Data section start

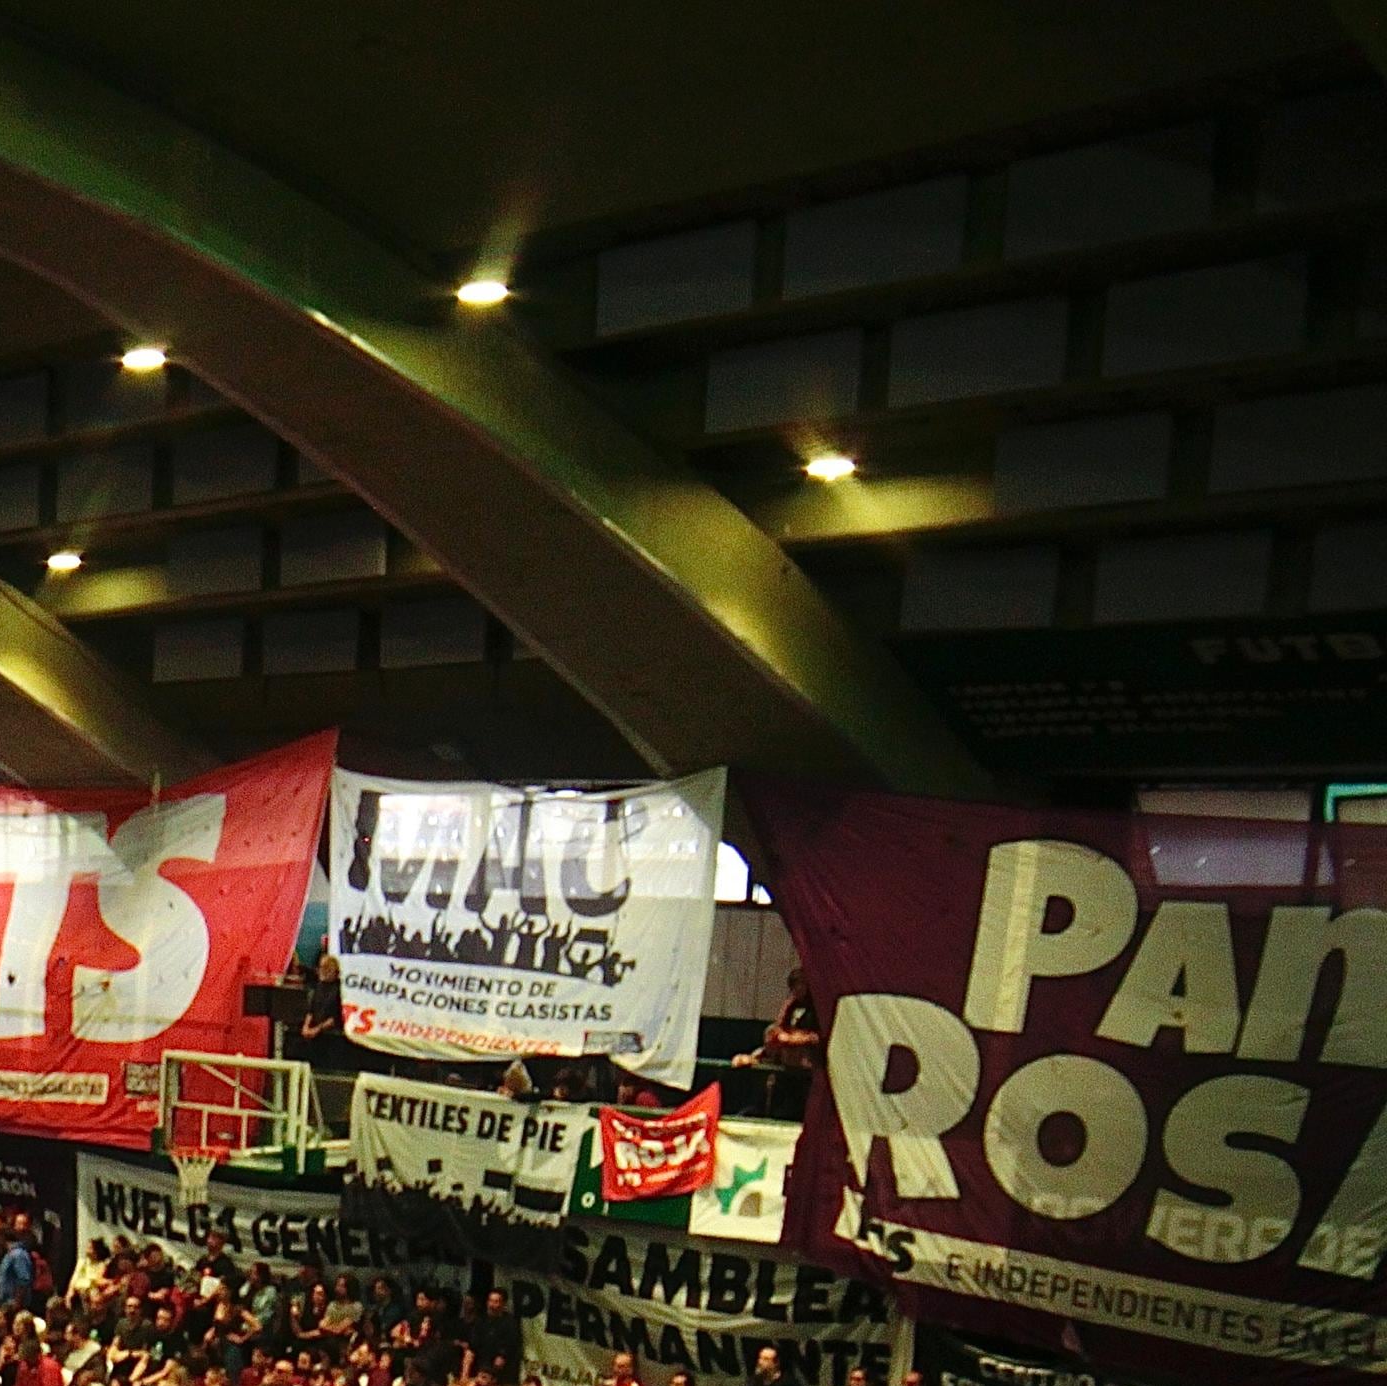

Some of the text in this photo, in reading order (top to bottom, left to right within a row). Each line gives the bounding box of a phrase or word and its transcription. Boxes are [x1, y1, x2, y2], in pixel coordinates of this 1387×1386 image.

[346, 788, 633, 919] MAC
[343, 972, 614, 1022] GRUPACIONES CLASISTAS
[388, 962, 558, 998] MOVIMIENTO DE
[363, 1088, 471, 1137] TEXTILES
[477, 1111, 515, 1144] DE
[520, 1115, 568, 1155] PIE
[95, 1178, 243, 1254] HUELGA
[562, 1223, 891, 1324] SAMBLEA
[972, 1259, 1264, 1346] INDEPENDIENTES

Data section end

Only the text of the listing above is copied, exactly as written; its pictures are dropped.

Some of the text in this photo, in reading order (top to bottom, left to right within a row). Each line gives the bounding box of a phrase or word and its transcription. Boxes are [x1, y1, x2, y2], in pixel coordinates of this 1387×1386 image.

[346, 788, 633, 919] MAC
[343, 972, 614, 1022] GRUPACIONES CLASISTAS
[388, 962, 558, 998] MOVIMIENTO DE
[363, 1088, 471, 1137] TEXTILES
[477, 1111, 515, 1144] DE
[520, 1115, 568, 1155] PIE
[95, 1178, 243, 1254] HUELGA
[562, 1223, 891, 1324] SAMBLEA
[972, 1259, 1264, 1346] INDEPENDIENTES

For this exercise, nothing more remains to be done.